Je ne dis rien de la mission ou vocation ; seulement je remarque que les Evesques ont non seulement la mission, mais ilz en ont les sources ministerielles, et les autres predicateurs n'en ont que les ruysseaux. C'est leur premiere et grande charge ; on le leur dit en les consacrant.
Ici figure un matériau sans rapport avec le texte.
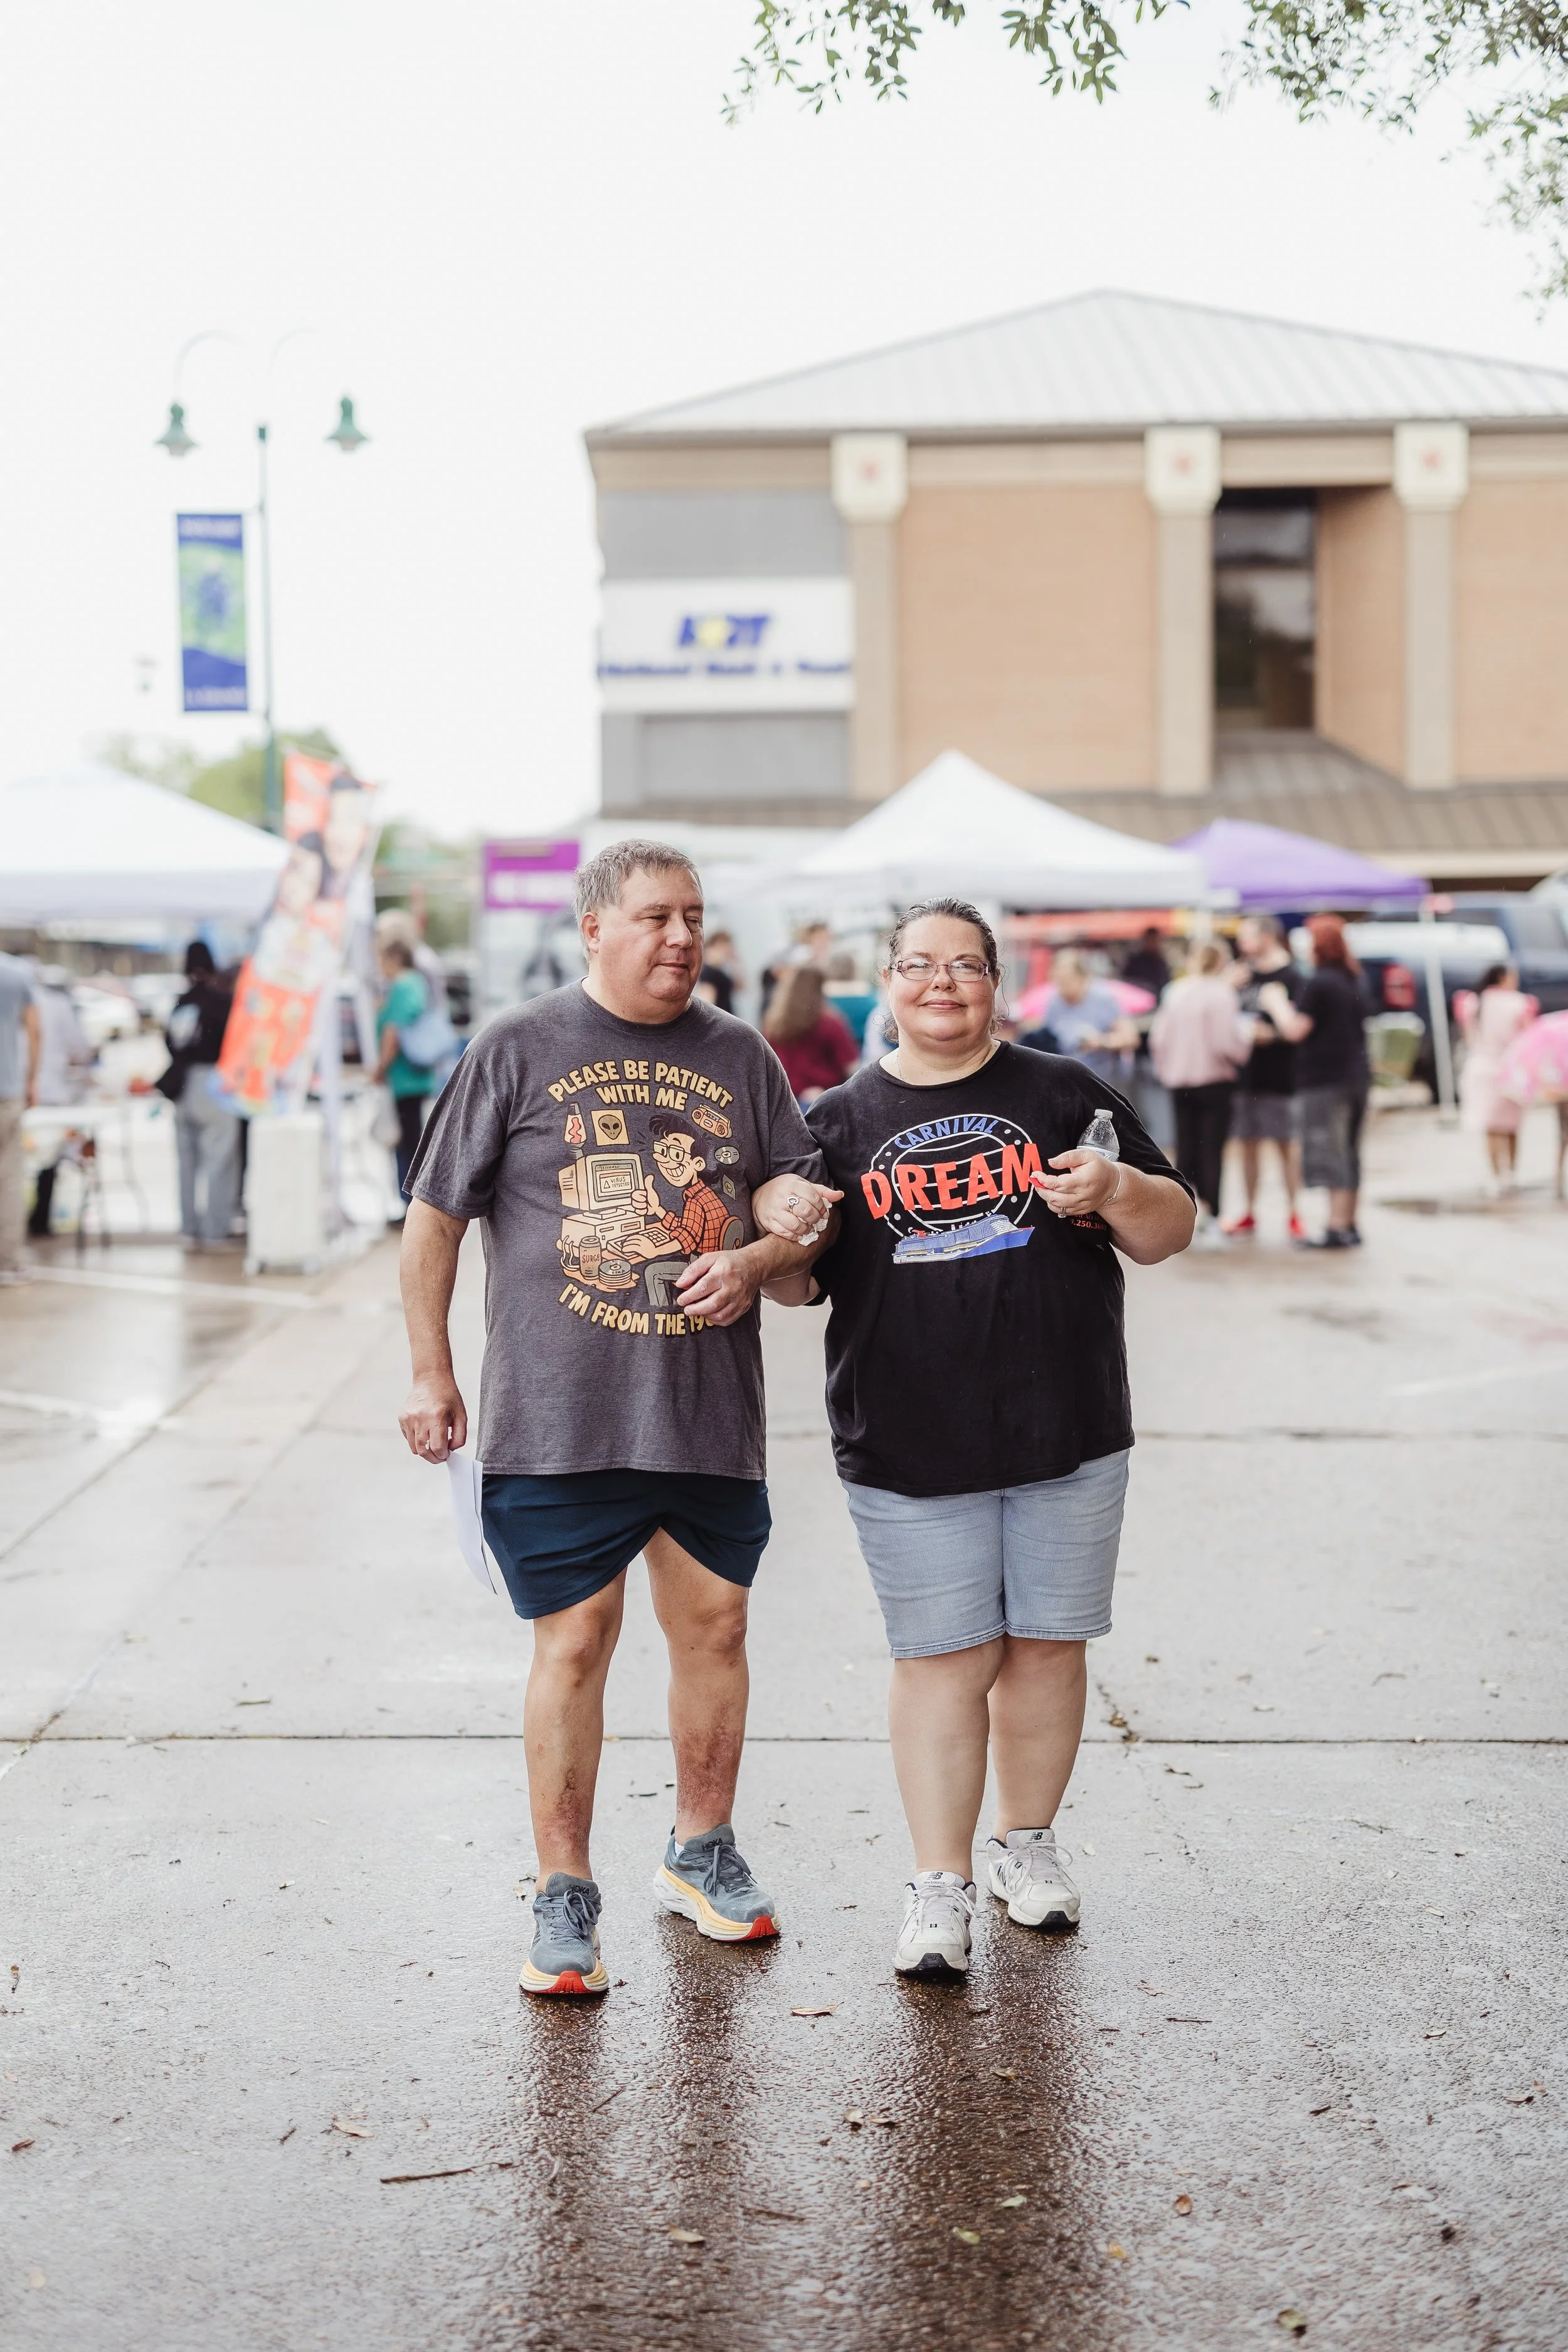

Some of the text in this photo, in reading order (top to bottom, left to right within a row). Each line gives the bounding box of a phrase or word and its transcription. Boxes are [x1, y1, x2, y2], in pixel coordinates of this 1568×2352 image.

[547, 1059, 734, 1108] PLEASE BE PATIENT
[596, 1084, 688, 1111] WITH ME
[894, 1116, 1000, 1149] CARNIVAL
[861, 1143, 1042, 1219] DREAM
[559, 1283, 591, 1316] I'M
[591, 1301, 649, 1335] FROM
[655, 1313, 686, 1335] THE
[702, 1837, 723, 1851] HOKA
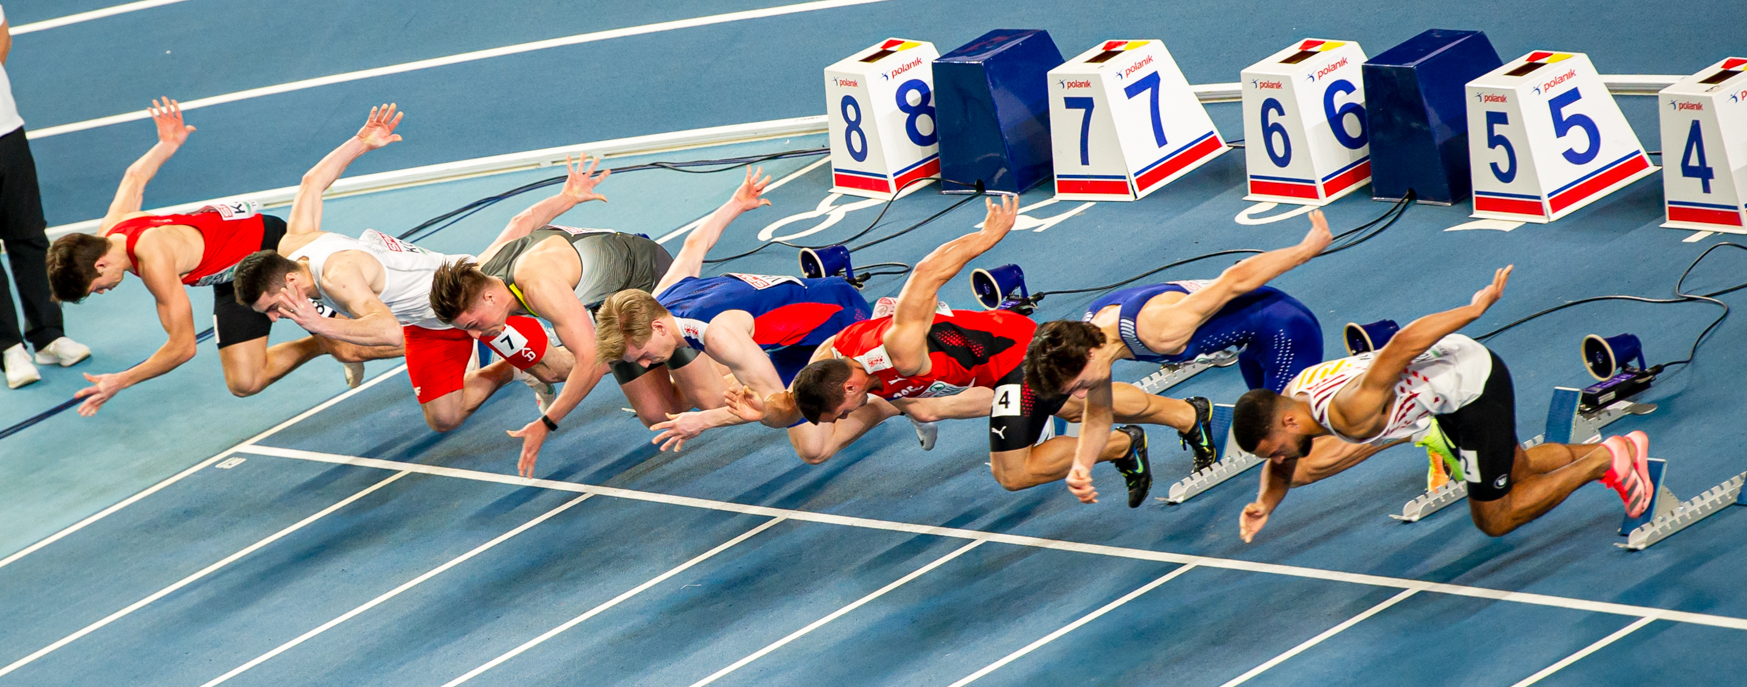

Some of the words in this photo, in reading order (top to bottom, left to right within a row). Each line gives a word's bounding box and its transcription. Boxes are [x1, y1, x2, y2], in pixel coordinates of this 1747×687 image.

[891, 57, 922, 79] polanik
[1125, 55, 1154, 78] polanik
[1317, 56, 1349, 80] polanik
[1067, 79, 1092, 90] polanik
[1259, 80, 1283, 90] polanik
[1543, 68, 1577, 92] polanik
[1123, 70, 1168, 149] 7
[1483, 93, 1508, 103] polanik
[1678, 101, 1704, 112] polanik
[895, 78, 938, 147] 8
[1323, 79, 1369, 150] 6
[841, 95, 868, 163] 8
[1063, 96, 1095, 166] 7
[1260, 97, 1292, 169] 6
[1547, 86, 1602, 166] 5
[1485, 110, 1518, 184] 5
[1680, 119, 1715, 195] 4
[499, 334, 515, 350] 7
[998, 390, 1011, 409] 4
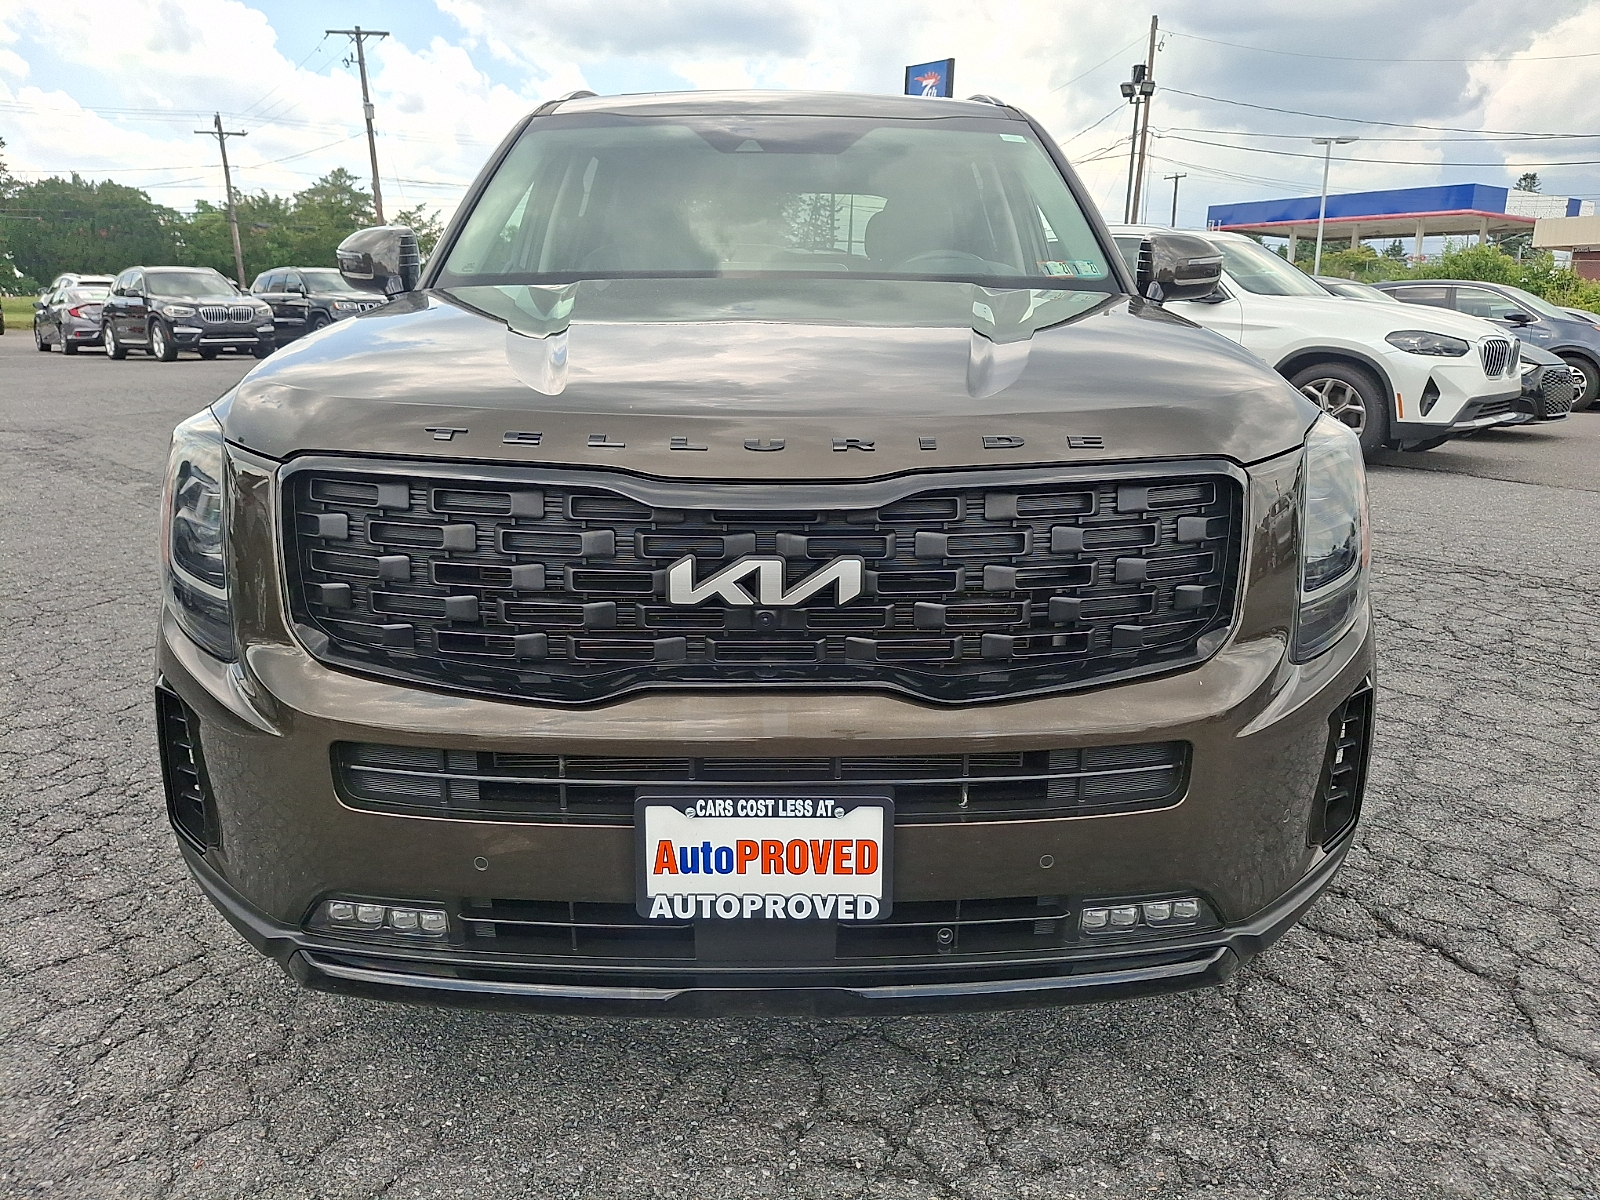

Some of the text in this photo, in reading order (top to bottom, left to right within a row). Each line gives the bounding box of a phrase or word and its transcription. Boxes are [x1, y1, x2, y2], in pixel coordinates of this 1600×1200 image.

Ilz reçoivent a cet effect une grace speciale en la consecration, laquelle ilz doivent rendre fructueuse. Saint Paul (1 Co 9,16) en cette qualité s'escrie : Malheur a moy si jen'evangelize. Le Concile de Trente : " C'est" dit il, " le principal devoir de l'Evesque que de prescher." Cette consideration nous doit donner courage, car Dieu en cet exercice nous assiste specialement ; et c'est merveille combien la predication des Evesques a un grand pouvoir au prix de celle des autres predicateurs. Pour abondans que soyent les ruysseaux, on se plaist de boire a la source.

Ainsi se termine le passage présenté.